Warming my hands around a steaming cup of Earl Grey, I stood in front of my bookshelves, which were packed tightly with Grandpa's biology textbooks, musty atlases, and sea-faring novels. Wedged in between them, three dilapidated notebooks stood out, not so much for their appearance, but for the single word inscribed on the spine of each. On the first, REGRETS; the second, ADVICE; the third, CONFESSIONS. Aside from my pets, these were the things I'd save in a fire.
Ever since I started working as a death doula, I'd had the same ritual, documenting each client's final words before the breath had left their body. Over the years, I'd found that people often felt the need to say something as they were dying, something of significance—as if they realized it was their last chance to leave a mark on the world. Usually those last messages fit into one of three categories: things they'd wish they'd done differently, things they'd learned along the way, or secrets they'd kept that they were finally ready to reveal. Collecting these words felt like my sacred duty, especially when I was the only other person in the room. And even when I wasn't, family members were usually too consumed with grief to think about writing down such things. My emotions, on the other hand, were always neatly tucked away.
Setting my tea aside, I stretched on tiptoes to retrieve the book titled CONFESSIONS. It'd been a while since I'd been able to make an entry in this one. Lately, it seemed like everyone had reached the end of their lives with regrets.
I nestled into the sofa and flipped through the leather-bound notebook to a clean page. In my compact scrawl, I inscribed Guillermo's name, address, the day's date, and his confession. I hadn't expected it, to be honest—I'd sensed him slipping away and thought he was already unconscious. But then his eyes opened and he put his hand on my arm. Not dramatically, but lightly, as if he'd been on his way out the door and had forgotten to tell me something.
"I accidentally killed my little sister's hamster when I was eleven," he whispered. "I left the door of its cage open to annoy her and then it went missing. We found it three days later wedged between the sofa cushions."
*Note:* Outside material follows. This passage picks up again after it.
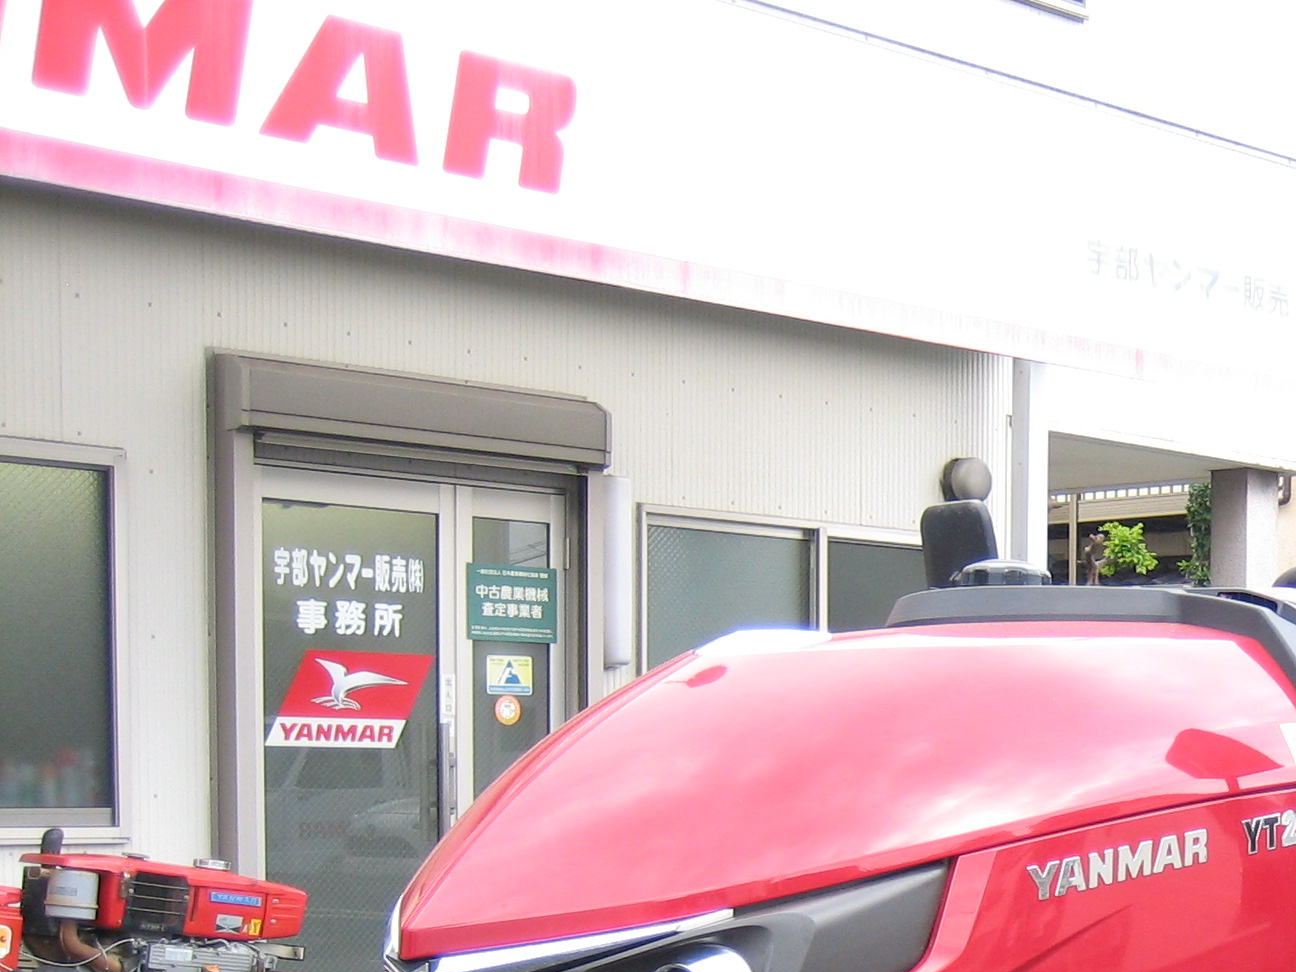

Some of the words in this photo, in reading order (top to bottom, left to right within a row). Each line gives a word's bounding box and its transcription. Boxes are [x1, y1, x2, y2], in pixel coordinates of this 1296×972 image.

As soon as the words departed his lips, his body relaxed with serene weightlessness, like he was floating on his back in a swimming pool.
Then he was gone.
* * *
I couldn't help thinking about that hamster as my own pets gathered around me on the sofa that evening. George, the chubby bulldog I'd found six years ago burrowing through the trash cans downstairs, rested his wet chin on my knee. Lola and Lionel, the tabby siblings I'd rescued as kittens from a box left outside the church on Carmine Street, took turns slinking figure eights around my ankles. The silkiness of their fur soothed me.
I tried not to imagine whether the hamster had suffered. They were pretty feeble creatures, so it probably hadn't taken much. Poor Guillermo, carrying that guilt with him for fifty years.
I glanced at my phone, balanced on the faded sofa arm. The only time it ever rang—aside from robocalls about car insurance and fake IRS audits—was when someone wanted to hire me. Socializing was a skill I'd never really mastered. When you're an only child raised by your introverted grandfather, you learn to appreciate your own company. It wasn't that I was opposed to the idea of friendship; it's just that if you don't get close to anyone, you can't lose them. And I'd already lost enough people.
Still, sometimes I wondered how I got to this point: thirty-six years old and my whole life revolved around waiting for strangers to die.
Excerpted from The Collected Regrets of Clover by Mikki Brammer. Copyright © 2023 by Mikki Brammer. Excerpted by permission of St. Martin's Press. All rights reserved. No part of this excerpt may be reproduced or reprinted without permission in writing from the publisher.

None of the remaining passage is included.